▶ **PROBLEM DETAILS**: Nothing but the pictures is dropped; write out all the remaining data below exactly.

▶ **RECORD EXTRACTS**:
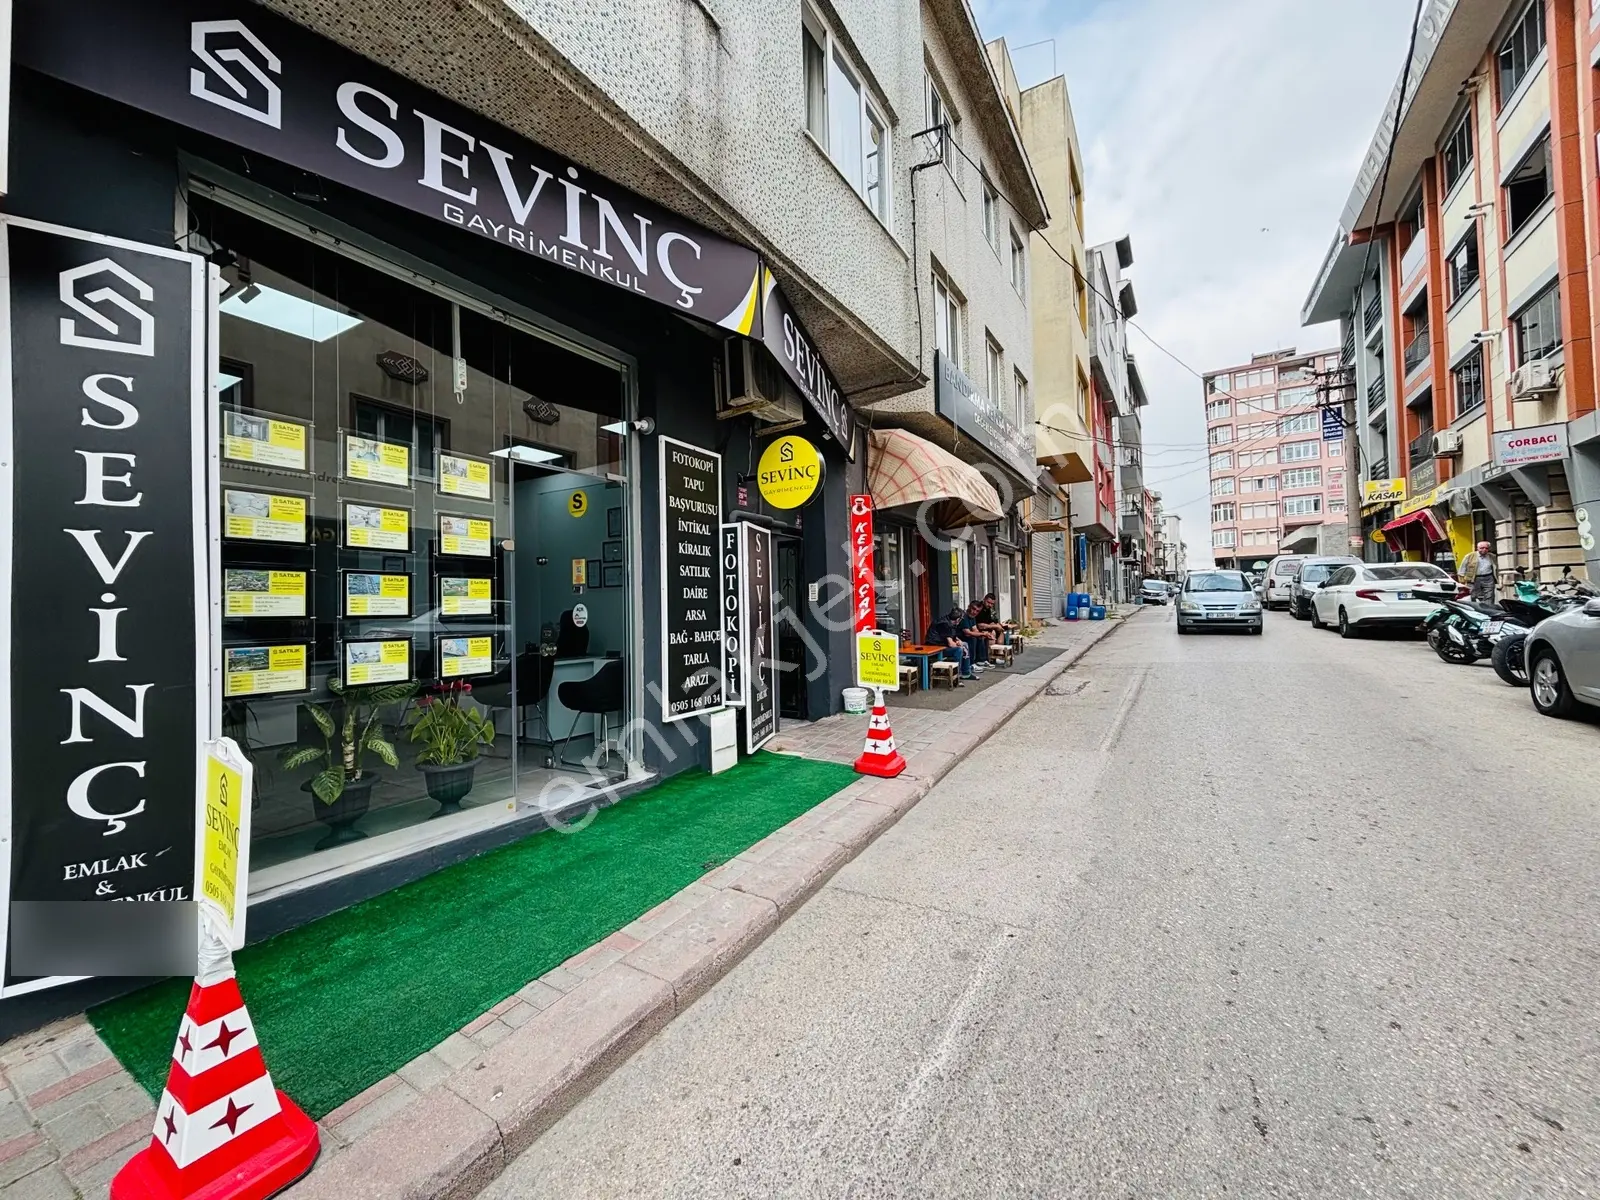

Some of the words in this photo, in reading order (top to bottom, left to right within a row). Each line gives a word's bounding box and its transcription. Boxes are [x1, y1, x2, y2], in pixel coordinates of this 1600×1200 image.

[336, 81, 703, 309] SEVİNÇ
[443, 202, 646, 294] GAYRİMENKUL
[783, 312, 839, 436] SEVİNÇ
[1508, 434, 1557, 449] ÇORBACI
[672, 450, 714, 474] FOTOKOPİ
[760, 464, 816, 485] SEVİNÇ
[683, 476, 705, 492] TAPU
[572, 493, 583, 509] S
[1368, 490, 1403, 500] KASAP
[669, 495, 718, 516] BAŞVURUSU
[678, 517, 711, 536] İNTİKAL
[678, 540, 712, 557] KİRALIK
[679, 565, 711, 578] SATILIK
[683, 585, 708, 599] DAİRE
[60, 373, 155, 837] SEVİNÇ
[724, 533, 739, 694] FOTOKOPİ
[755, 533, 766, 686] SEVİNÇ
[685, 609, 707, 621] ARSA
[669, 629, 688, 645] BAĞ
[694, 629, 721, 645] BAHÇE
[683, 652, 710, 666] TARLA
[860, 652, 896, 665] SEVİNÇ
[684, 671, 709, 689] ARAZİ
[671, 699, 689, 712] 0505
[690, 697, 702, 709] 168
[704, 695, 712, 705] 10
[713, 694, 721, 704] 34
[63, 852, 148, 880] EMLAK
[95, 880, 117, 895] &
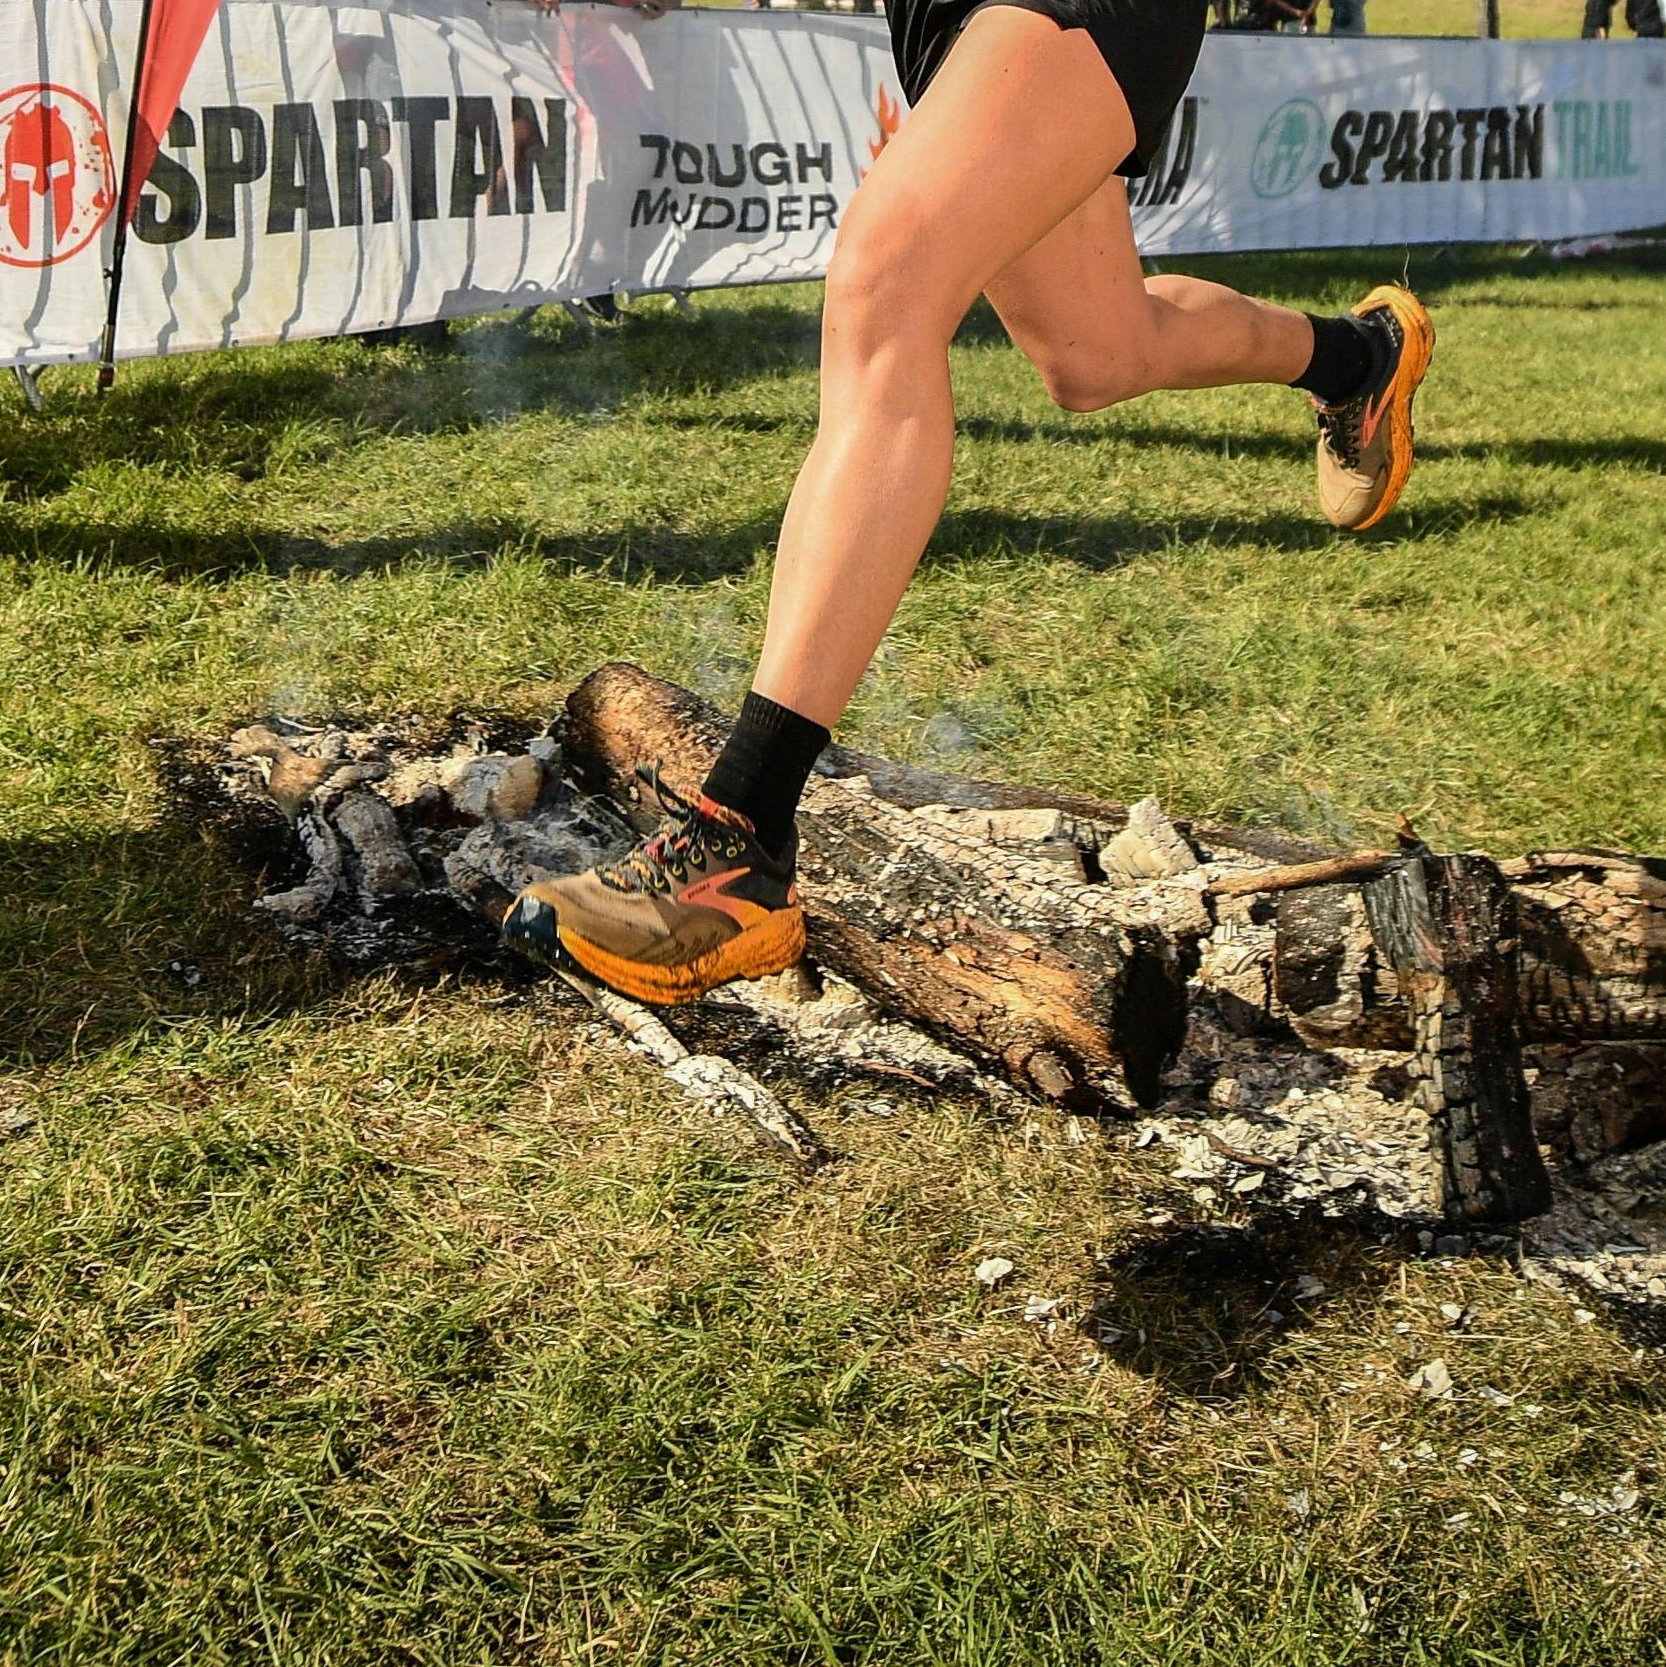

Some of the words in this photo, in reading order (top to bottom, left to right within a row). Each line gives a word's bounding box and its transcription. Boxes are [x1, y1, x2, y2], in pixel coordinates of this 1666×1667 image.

▶ **ANSWER TO THIS EXERCISE**:
Some of the words in this photo, in reading order (top to bottom, left to right within a row). Each line gives a word's bounding box and its transcription. Boxes are [x1, y1, x2, y2], in pixel coordinates of this 1600×1200 image.

[336, 81, 703, 309] SEVİNÇ
[443, 202, 646, 294] GAYRİMENKUL
[783, 312, 839, 436] SEVİNÇ
[1508, 434, 1557, 449] ÇORBACI
[672, 450, 714, 474] FOTOKOPİ
[760, 464, 816, 485] SEVİNÇ
[683, 476, 705, 492] TAPU
[572, 493, 583, 509] S
[1368, 490, 1403, 500] KASAP
[669, 495, 718, 516] BAŞVURUSU
[678, 517, 711, 536] İNTİKAL
[678, 540, 712, 557] KİRALIK
[679, 565, 711, 578] SATILIK
[683, 585, 708, 599] DAİRE
[60, 373, 155, 837] SEVİNÇ
[724, 533, 739, 694] FOTOKOPİ
[755, 533, 766, 686] SEVİNÇ
[685, 609, 707, 621] ARSA
[669, 629, 688, 645] BAĞ
[694, 629, 721, 645] BAHÇE
[683, 652, 710, 666] TARLA
[860, 652, 896, 665] SEVİNÇ
[684, 671, 709, 689] ARAZİ
[671, 699, 689, 712] 0505
[690, 697, 702, 709] 168
[704, 695, 712, 705] 10
[713, 694, 721, 704] 34
[63, 852, 148, 880] EMLAK
[95, 880, 117, 895] &

Some of the words in this photo, in reading order (top to bottom, left to right within a row). Each line gives a word's bounding box and its transcription. Boxes are [x1, y1, x2, y2], in pixel coordinates of this 1666×1667 image.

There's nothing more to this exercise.